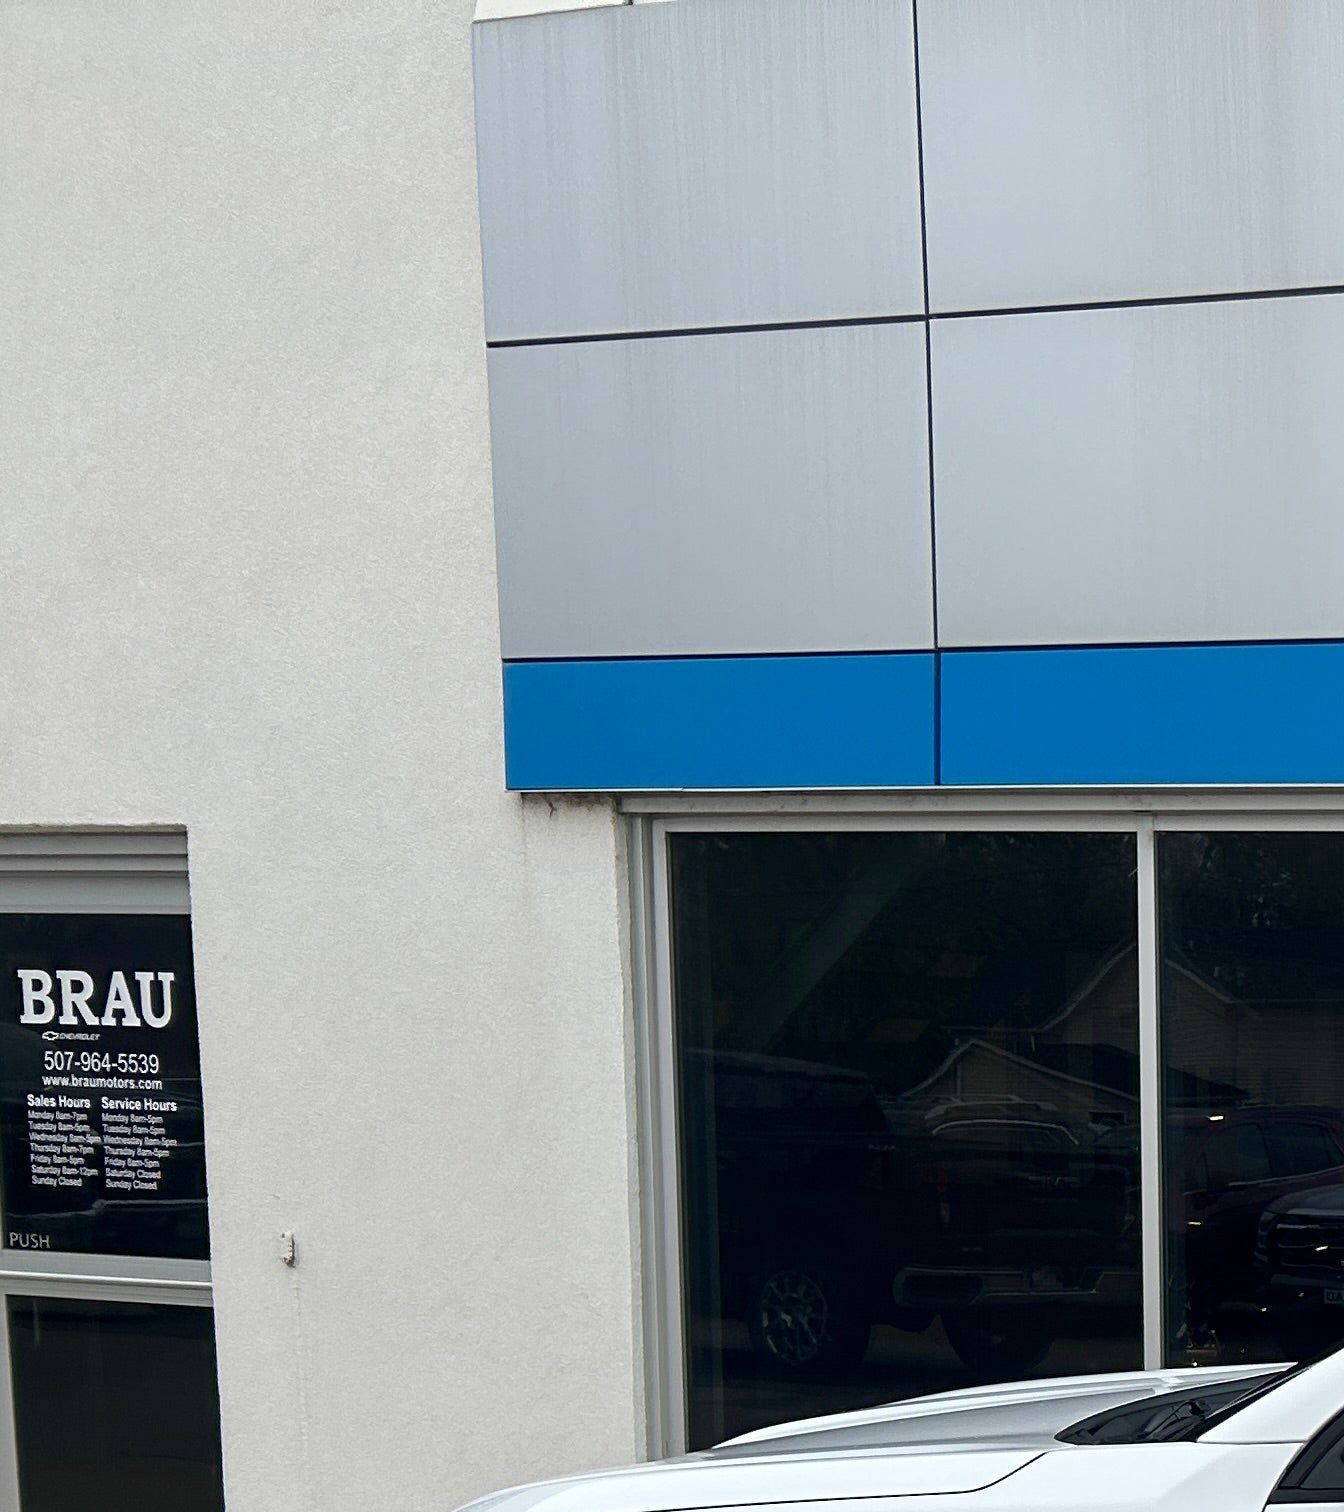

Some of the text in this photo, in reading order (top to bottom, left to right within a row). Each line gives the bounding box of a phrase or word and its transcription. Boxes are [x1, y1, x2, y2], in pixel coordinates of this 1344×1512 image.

[17, 969, 174, 1028] BRAU
[58, 1033, 100, 1041] CHEVROLET
[44, 1051, 160, 1074] 507-964-5539
[42, 1074, 163, 1090] www.braumotors.com
[27, 1094, 91, 1108] Sales Hours
[101, 1097, 177, 1111] Service Hours
[28, 1110, 54, 1121] Monday
[9, 1231, 50, 1249] PUSH

_____

■ TASK PROMPT:
The listing is to be reproduced in full and exactly, except that its pictures are to be dropped.

■ SOLUTION FOR THIS EXERCISE:
Some of the text in this photo, in reading order (top to bottom, left to right within a row). Each line gives the bounding box of a phrase or word and its transcription. Boxes are [x1, y1, x2, y2], in pixel coordinates of this 1344×1512 image.

[17, 969, 174, 1028] BRAU
[58, 1033, 100, 1041] CHEVROLET
[44, 1051, 160, 1074] 507-964-5539
[42, 1074, 163, 1090] www.braumotors.com
[27, 1094, 91, 1108] Sales Hours
[101, 1097, 177, 1111] Service Hours
[28, 1110, 54, 1121] Monday
[9, 1231, 50, 1249] PUSH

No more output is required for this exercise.